■ INSTRUCTIONS TO FOLLOW ■
Retype each record exactly; no pictures.

Free-text object descriptions:

....

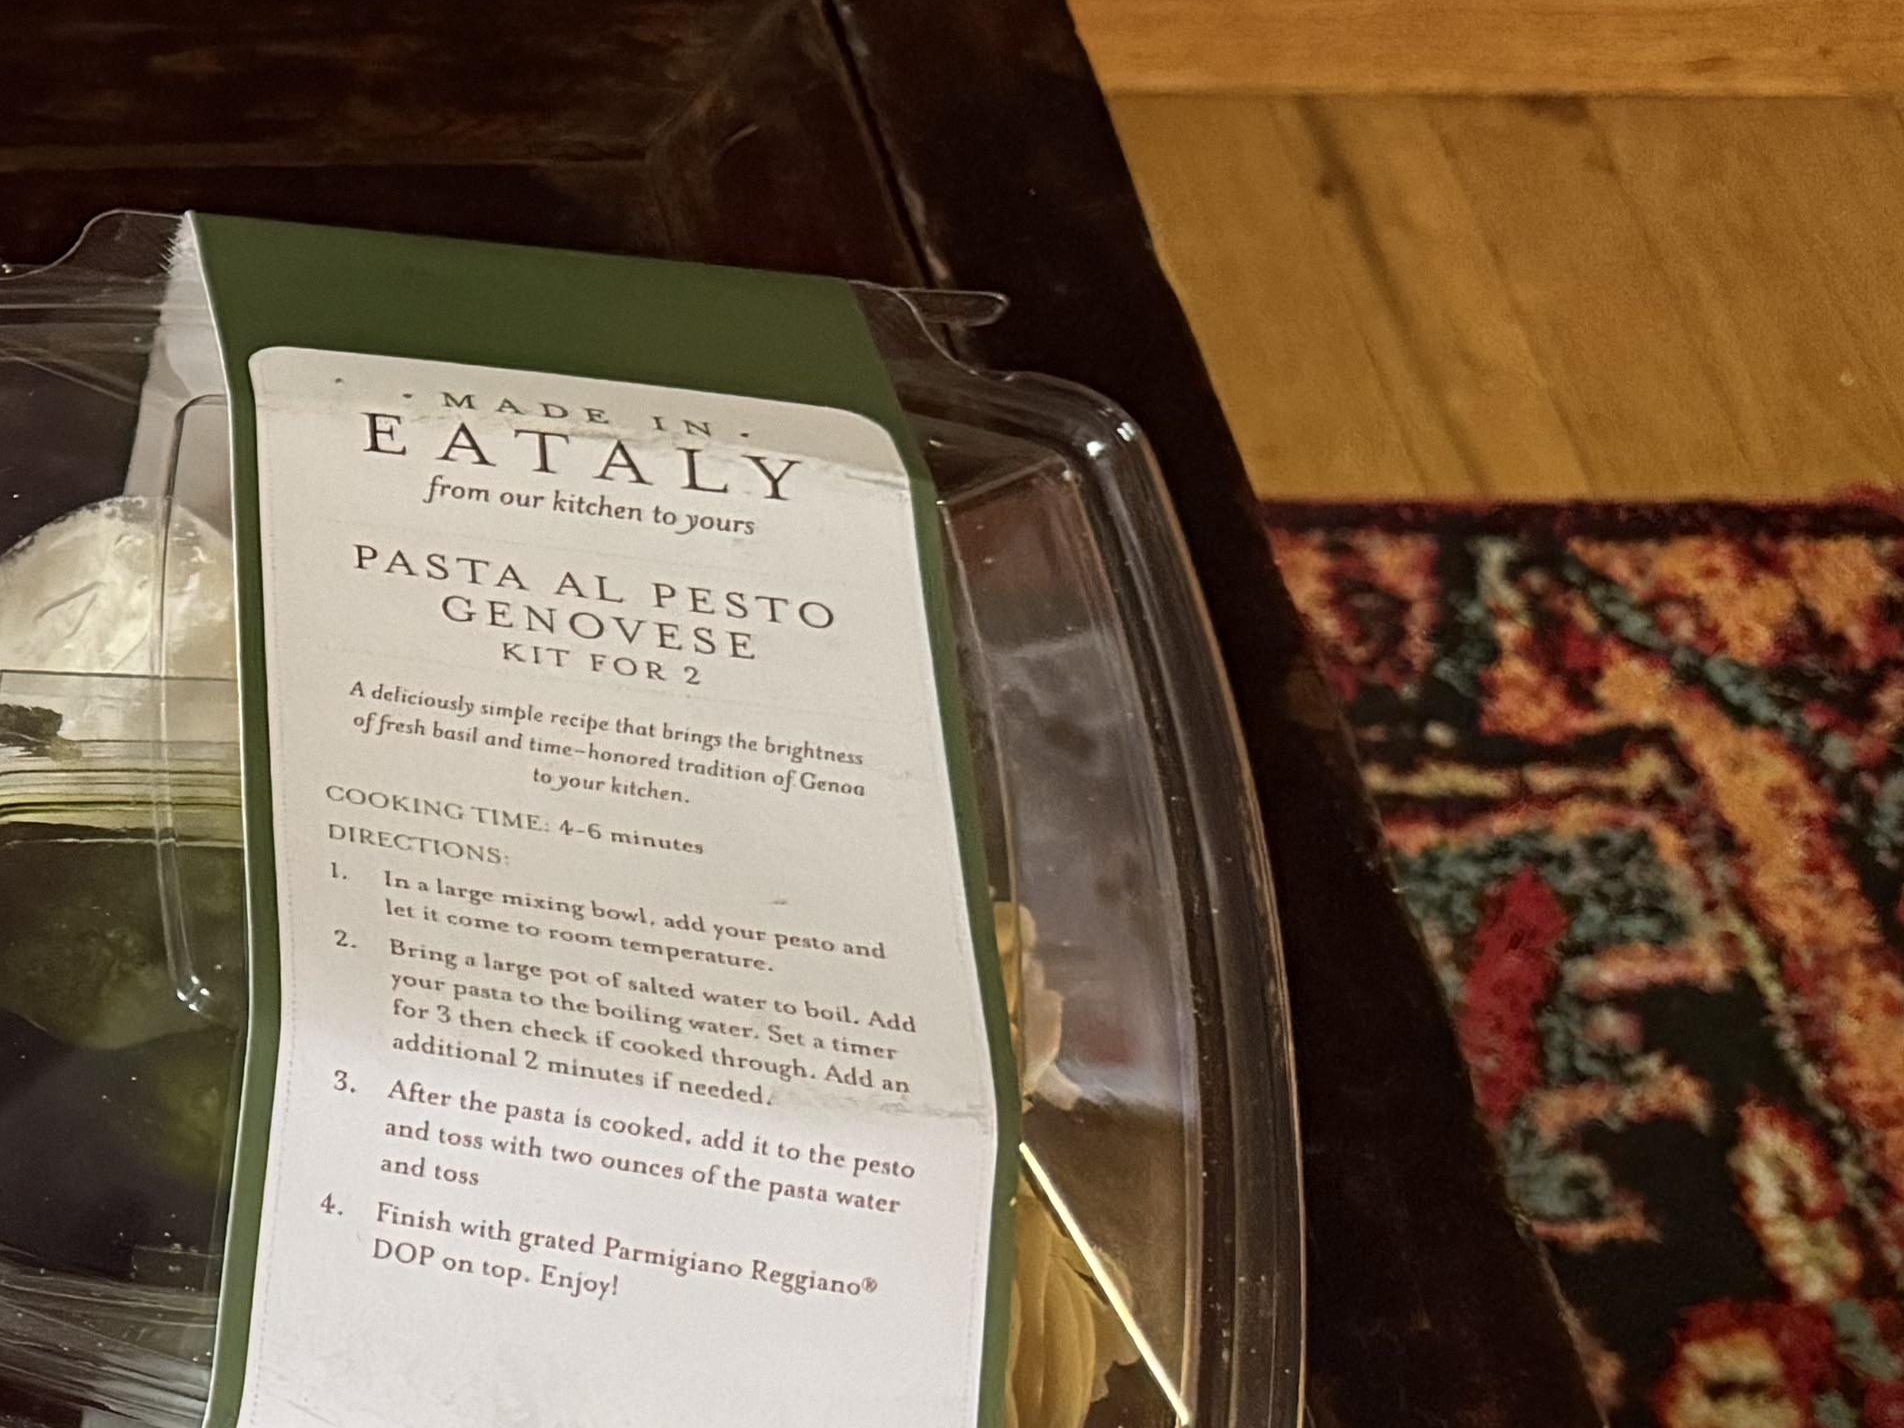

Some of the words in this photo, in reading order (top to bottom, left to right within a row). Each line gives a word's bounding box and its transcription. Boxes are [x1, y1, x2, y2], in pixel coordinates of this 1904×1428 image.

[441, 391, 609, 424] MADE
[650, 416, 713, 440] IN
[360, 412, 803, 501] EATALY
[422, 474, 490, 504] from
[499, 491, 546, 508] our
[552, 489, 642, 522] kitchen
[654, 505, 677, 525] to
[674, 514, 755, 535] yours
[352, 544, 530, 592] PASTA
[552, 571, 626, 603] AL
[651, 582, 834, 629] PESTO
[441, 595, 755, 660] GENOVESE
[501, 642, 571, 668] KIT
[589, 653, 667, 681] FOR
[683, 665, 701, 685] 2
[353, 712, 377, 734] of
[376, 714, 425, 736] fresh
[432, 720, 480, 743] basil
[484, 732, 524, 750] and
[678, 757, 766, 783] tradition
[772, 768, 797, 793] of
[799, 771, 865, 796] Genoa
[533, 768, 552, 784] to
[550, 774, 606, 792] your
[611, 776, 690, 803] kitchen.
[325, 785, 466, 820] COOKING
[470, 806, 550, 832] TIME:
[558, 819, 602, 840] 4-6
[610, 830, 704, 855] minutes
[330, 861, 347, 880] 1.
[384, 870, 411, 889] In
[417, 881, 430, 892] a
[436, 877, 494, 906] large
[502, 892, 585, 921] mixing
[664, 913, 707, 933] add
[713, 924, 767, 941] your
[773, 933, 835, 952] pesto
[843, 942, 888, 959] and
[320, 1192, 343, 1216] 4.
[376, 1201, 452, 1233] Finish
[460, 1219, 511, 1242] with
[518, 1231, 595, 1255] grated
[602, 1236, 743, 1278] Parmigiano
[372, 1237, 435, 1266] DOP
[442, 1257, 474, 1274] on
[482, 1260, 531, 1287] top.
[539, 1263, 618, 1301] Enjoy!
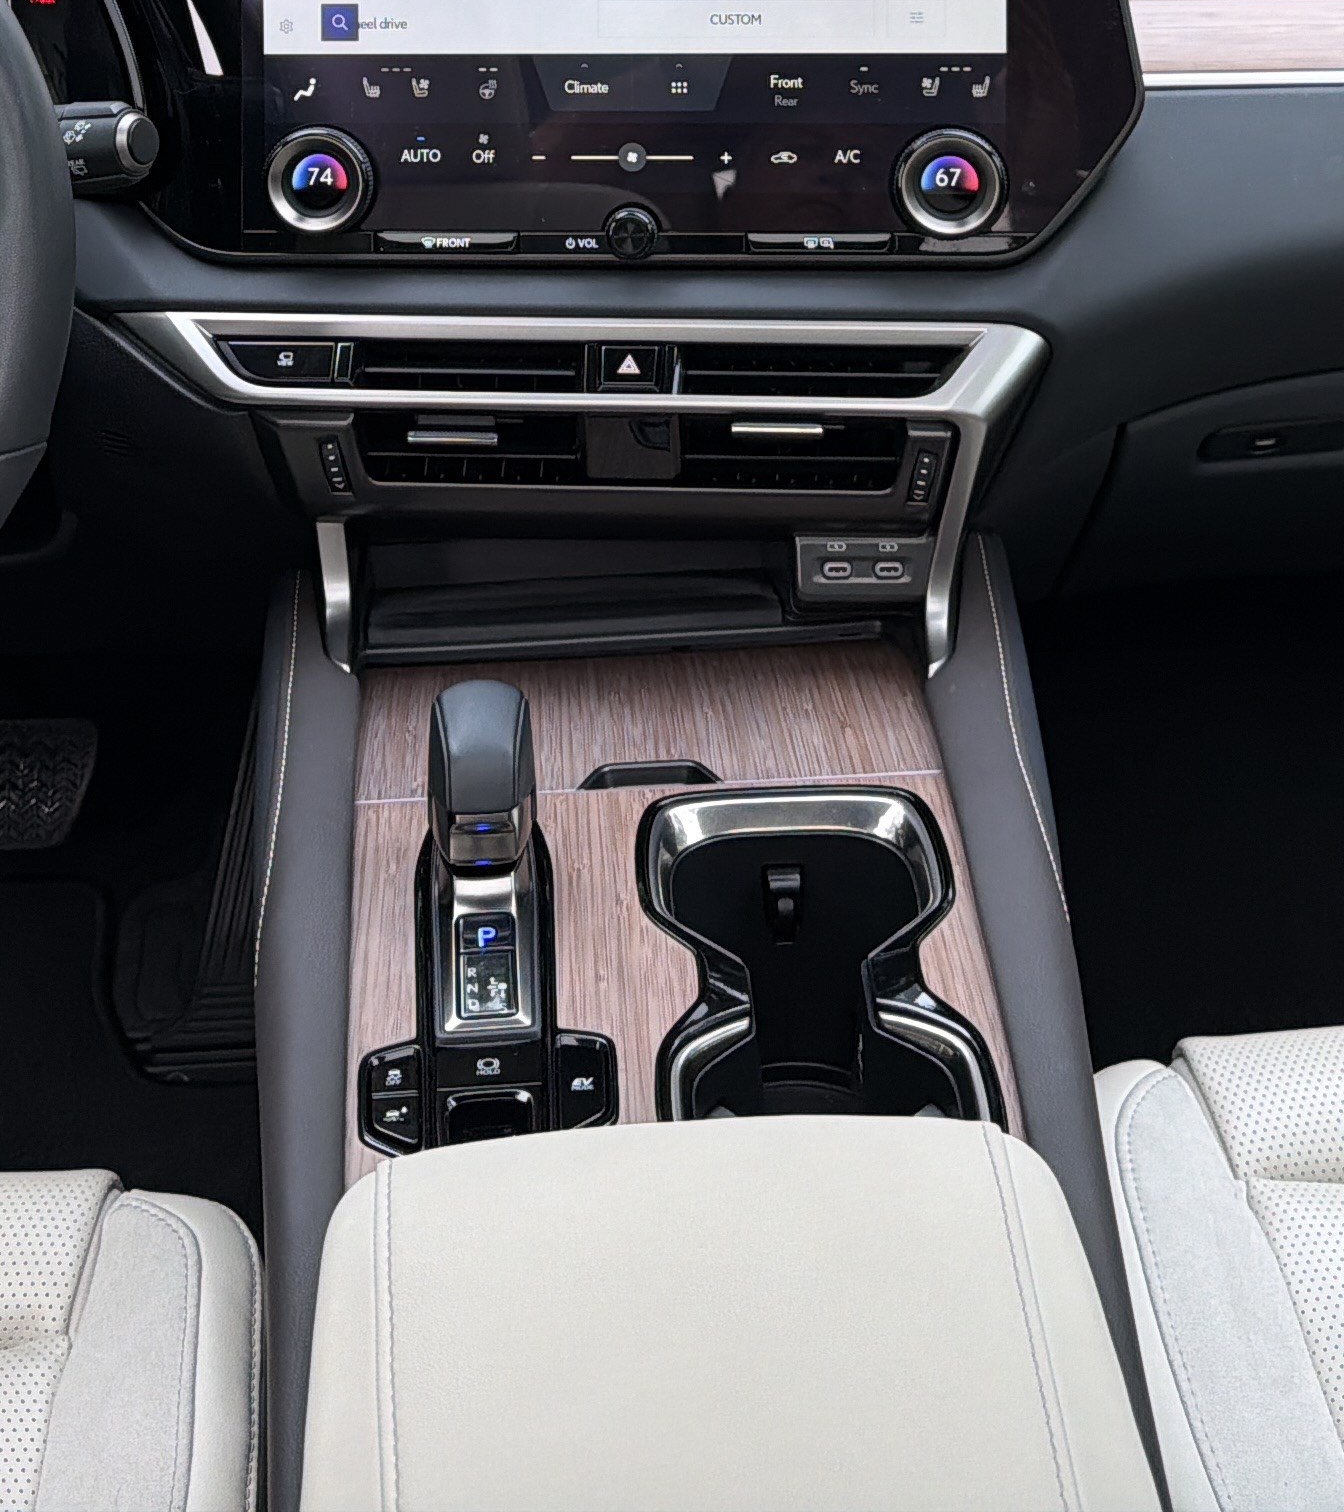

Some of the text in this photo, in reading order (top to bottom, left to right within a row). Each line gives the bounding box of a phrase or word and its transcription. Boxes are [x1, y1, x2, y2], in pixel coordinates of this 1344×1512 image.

....

■ TASK OUTPUT ■
Some of the words in this photo, in reading order (top to bottom, left to right within a row). Each line gives a word's bounding box and its transcription. Boxes are [x1, y1, x2, y2], in pixel coordinates of this 1904×1428 image.

[441, 391, 609, 424] MADE
[650, 416, 713, 440] IN
[360, 412, 803, 501] EATALY
[422, 474, 490, 504] from
[499, 491, 546, 508] our
[552, 489, 642, 522] kitchen
[654, 505, 677, 525] to
[674, 514, 755, 535] yours
[352, 544, 530, 592] PASTA
[552, 571, 626, 603] AL
[651, 582, 834, 629] PESTO
[441, 595, 755, 660] GENOVESE
[501, 642, 571, 668] KIT
[589, 653, 667, 681] FOR
[683, 665, 701, 685] 2
[353, 712, 377, 734] of
[376, 714, 425, 736] fresh
[432, 720, 480, 743] basil
[484, 732, 524, 750] and
[678, 757, 766, 783] tradition
[772, 768, 797, 793] of
[799, 771, 865, 796] Genoa
[533, 768, 552, 784] to
[550, 774, 606, 792] your
[611, 776, 690, 803] kitchen.
[325, 785, 466, 820] COOKING
[470, 806, 550, 832] TIME:
[558, 819, 602, 840] 4-6
[610, 830, 704, 855] minutes
[330, 861, 347, 880] 1.
[384, 870, 411, 889] In
[417, 881, 430, 892] a
[436, 877, 494, 906] large
[502, 892, 585, 921] mixing
[664, 913, 707, 933] add
[713, 924, 767, 941] your
[773, 933, 835, 952] pesto
[843, 942, 888, 959] and
[320, 1192, 343, 1216] 4.
[376, 1201, 452, 1233] Finish
[460, 1219, 511, 1242] with
[518, 1231, 595, 1255] grated
[602, 1236, 743, 1278] Parmigiano
[372, 1237, 435, 1266] DOP
[442, 1257, 474, 1274] on
[482, 1260, 531, 1287] top.
[539, 1263, 618, 1301] Enjoy!

Some of the text in this photo, in reading order (top to bottom, left to right within a row). Each line gives the bounding box of a phrase or word and its transcription. Boxes are [x1, y1, x2, y2], in pixel coordinates of this 1344×1512 image.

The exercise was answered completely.